Tutorial 01: Deliver model and data to cluster MinIO, then run fine-tune¶

This tutorial shows how to download a model and some data from HuggingFace Hub to a cluster-internal MinIO storage server, and then launch fine-tuning jobs that use those resources. The checkpoints are also synced into the same cluster-internal MinIO storage. Finally, an inference workload is spawned to make it possible to discuss with the newly fine-tuned model. At the end of the tutorial, there are some instructions on changing the model and the data.

The fine-tuning work in this tutorial is meant for demonstration purposes, small enough to be run live. We start from Tiny-Llama 1.1B Chat, a small LLM. This is already a chat-fine-tuned model.

We train it with some additional instruction data in the form of single prompt-and-answer pairs. The prompts in this data were gathered from real human prompts to LLMs, mostly ones that were shared on the now deprecated sharegpt.com site. The answers to those human prompts were generated with the Mistral Large model. In essence, training on this data makes our model respond more like Mistral Large. And there's another thing that this training accomplishes, which is to change the chat template, meaning the way the input to the model is formatted. More specifically, this adds special tokens that signal the start and end of message. Our experience is that such special tokens make the inference time message end signaling and message formatting a bit more robust.

1. Setup¶

Follow the setup in the tutorial pre-requisites section.

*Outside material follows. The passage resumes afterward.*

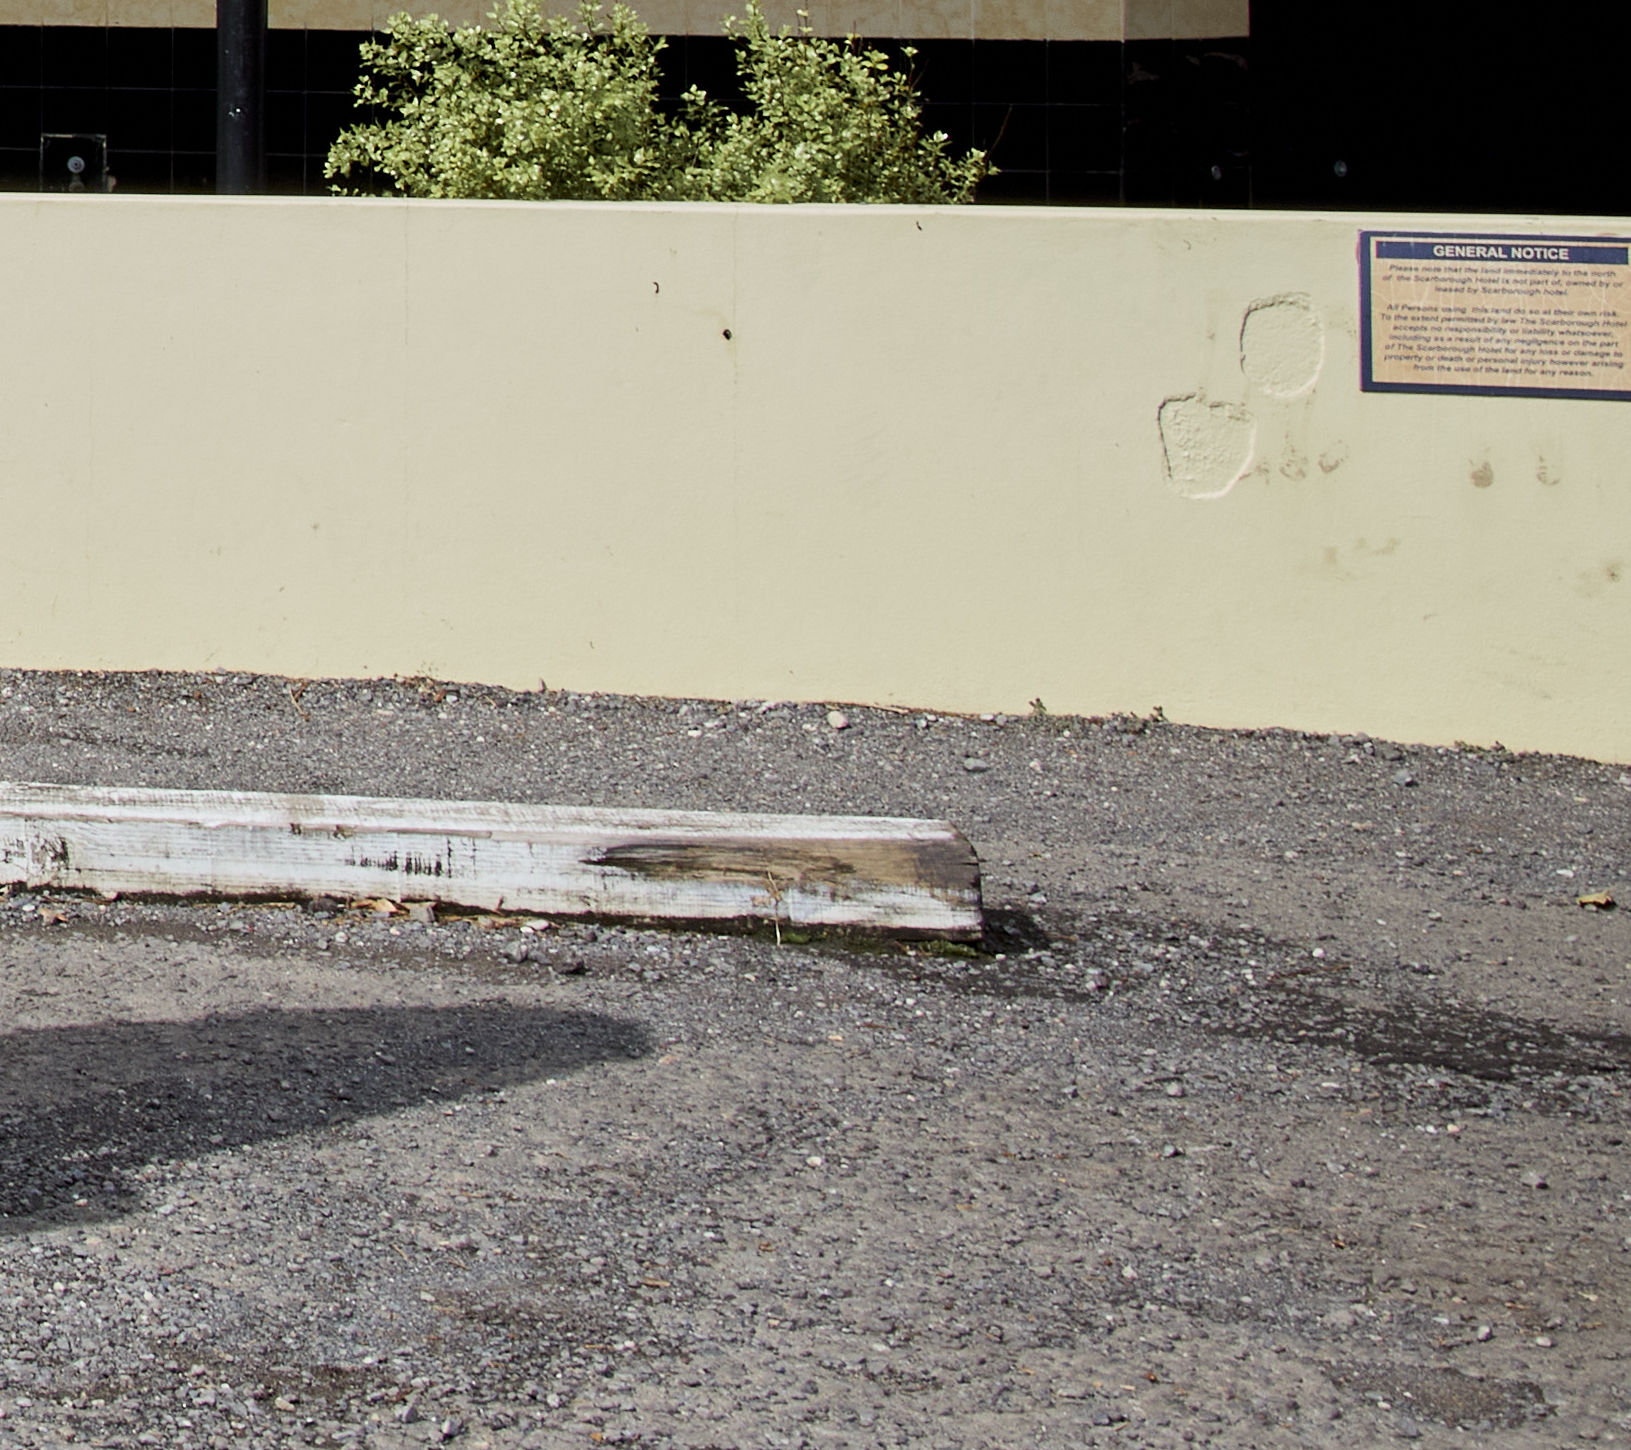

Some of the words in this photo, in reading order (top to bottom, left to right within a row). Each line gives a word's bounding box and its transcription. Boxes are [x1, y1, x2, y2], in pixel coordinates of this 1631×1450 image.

[1433, 245, 1507, 258] GENERAL
[1511, 247, 1569, 259] NOTICE
[1414, 275, 1472, 284] Scarborough

2. Run workloads to deliver data and a model¶

We will use the helm charts in workloads/download-huggingface-model-to-bucket/helm and workloads/download-data-to-bucket/helm. We will use them to deliver a Tiny-Llama 1.1B parameter model, and an Argilla single-turn response supervised fine-tuning dataset respectively.

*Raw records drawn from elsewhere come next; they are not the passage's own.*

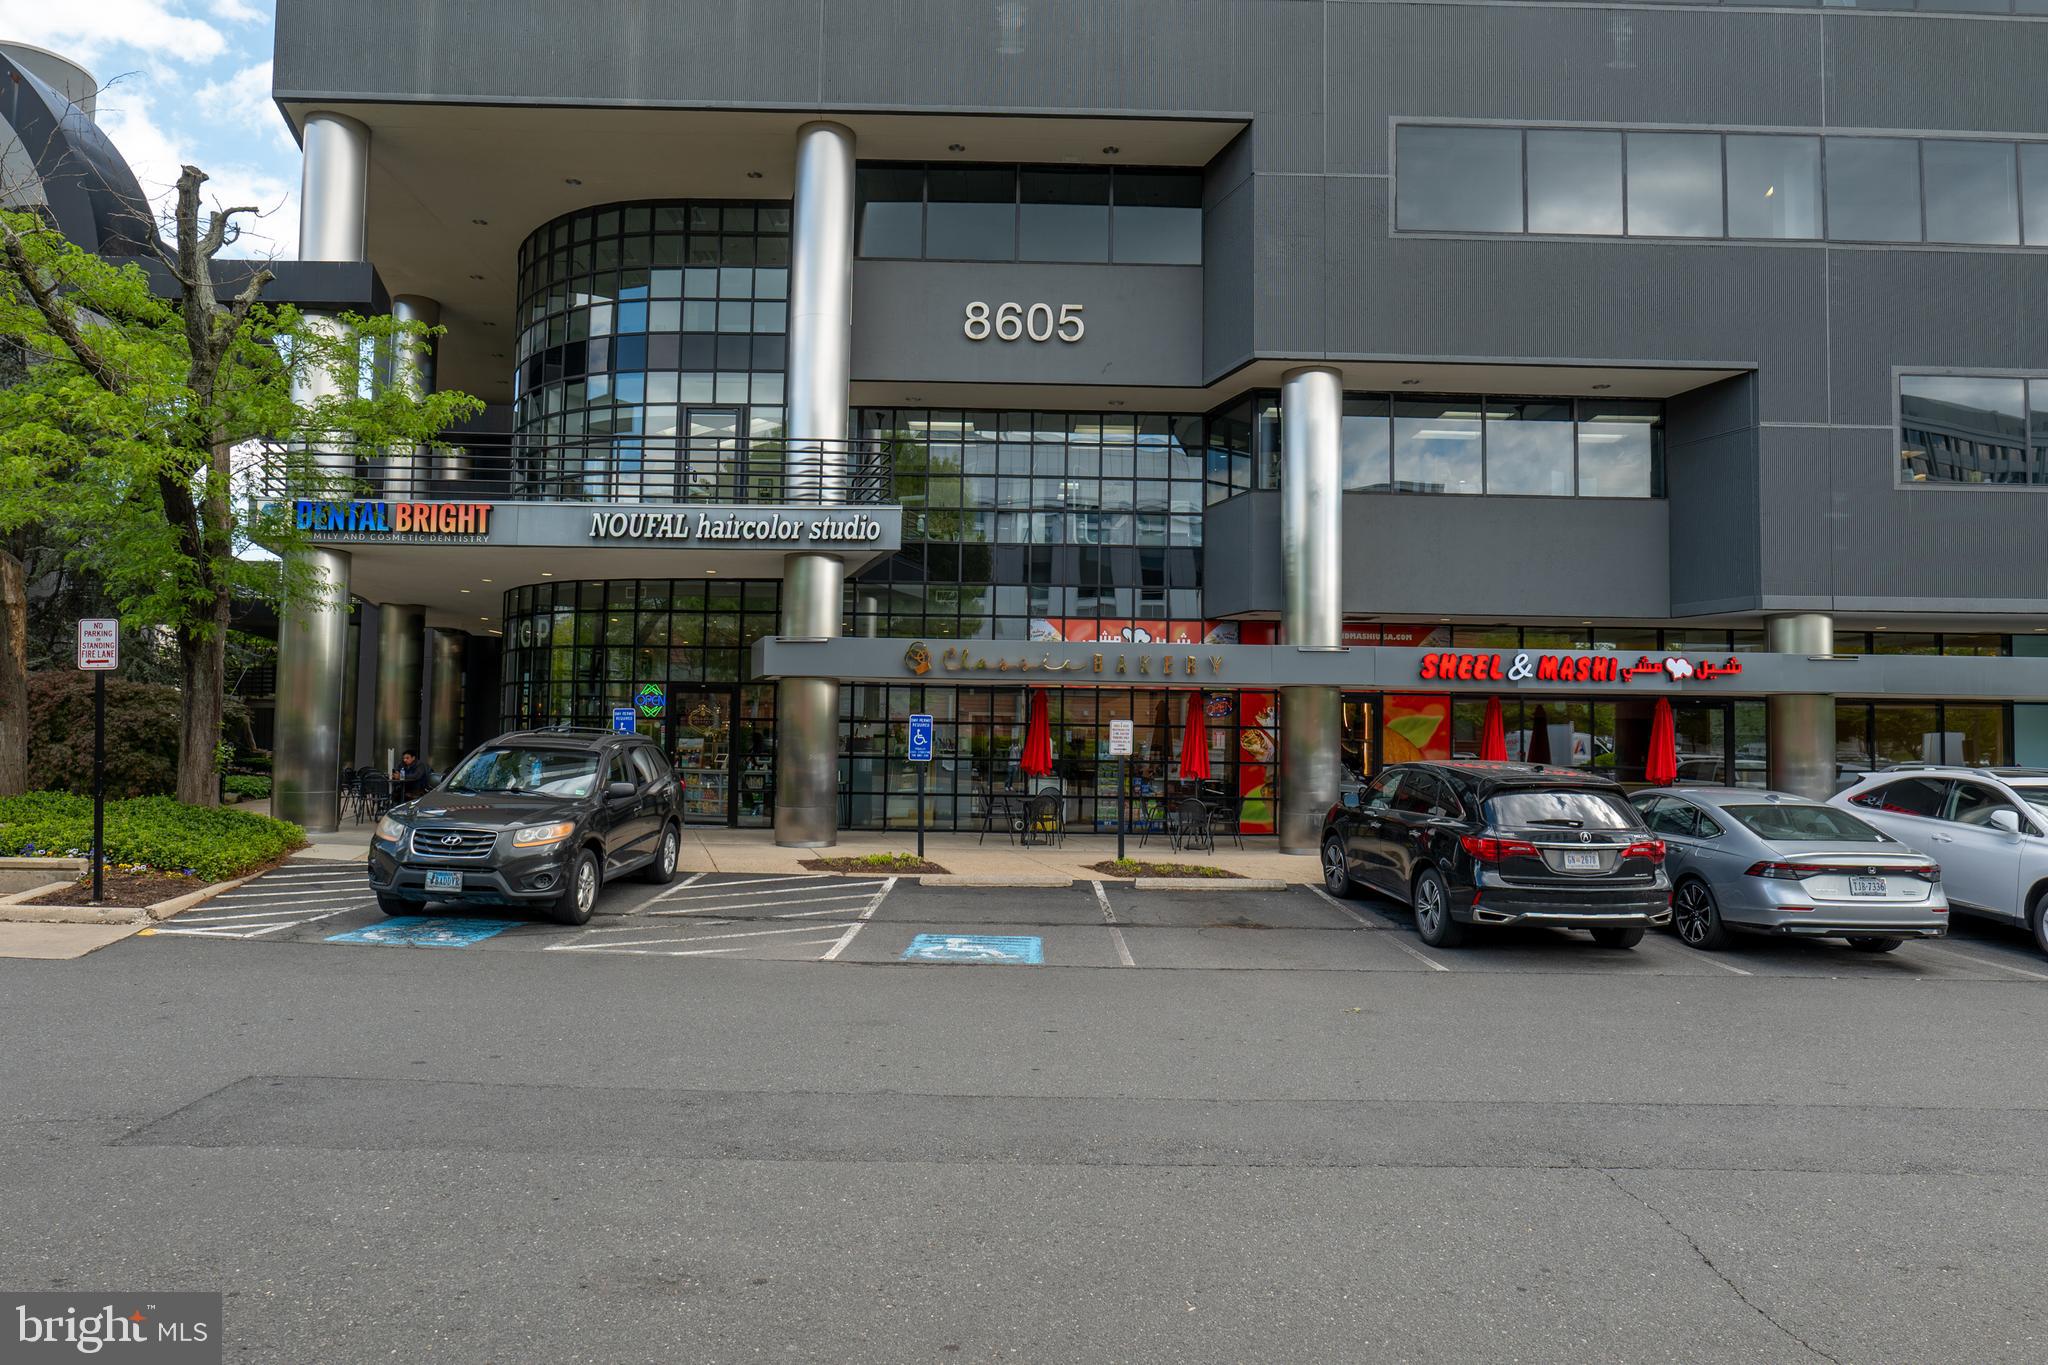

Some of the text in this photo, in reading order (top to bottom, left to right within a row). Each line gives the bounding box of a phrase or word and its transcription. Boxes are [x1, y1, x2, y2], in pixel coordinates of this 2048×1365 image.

[964, 301, 1085, 342] 8605
[296, 502, 492, 534] DENTAL BRIGHT
[589, 512, 881, 541] NOUFAL haircolor studio
[343, 533, 366, 541] AND
[370, 533, 425, 542] COSMETIC
[429, 534, 489, 543] DENTISTRY
[1341, 632, 1413, 641] DMASHIUSA.COM
[82, 650, 115, 658] FIRE LANE
[1093, 652, 1225, 674] BAKERY
[1420, 653, 1618, 682] SHEEL & MASHI
[634, 695, 666, 706] OPEN

Our user input files are in workloads/download-huggingface-model-to-bucket/helm/overrides/tutorial-01-tiny-llama-to-minio.yaml, and workloads/download-data-to-bucket/helm/overrides/tutorial-01-argilla-to-minio.yaml.

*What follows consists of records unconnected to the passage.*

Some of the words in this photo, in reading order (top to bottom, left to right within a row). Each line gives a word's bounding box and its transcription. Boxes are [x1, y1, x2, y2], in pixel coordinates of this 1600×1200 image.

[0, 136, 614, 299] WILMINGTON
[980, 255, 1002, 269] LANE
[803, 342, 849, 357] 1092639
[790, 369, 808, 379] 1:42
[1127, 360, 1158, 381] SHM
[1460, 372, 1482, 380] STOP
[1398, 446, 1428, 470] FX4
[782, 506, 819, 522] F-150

helm template workloads/download-huggingface-model-to-bucket/helm \
  --values workloads/download-huggingface-model-to-bucket/helm/overrides/tutorial-01-tiny-llama-to-minio.yaml \
  --name-template "deliver-tiny-llama-model" \
  | kubectl apply -f -
helm template workloads/download-data-to-bucket/helm \
  --values workloads/download-data-to-bucket/helm/overrides/tutorial-01-argilla-to-minio.yaml \
  --name-template "deliver-argilla-data" \
  | kubectl apply -f -

The logs will show a model staging download and upload for the model delivery workload, and data download, preprocessing, and upload for the data delivery.

3. Scaling fine-tuning: hyperparameter tuning with parallel jobs¶

At the hyperparameter tuning stage, we run many parallel jobs while varying a hyperparameter to find the best configuration. Here we are going to look for the best rank parameter r for LoRA.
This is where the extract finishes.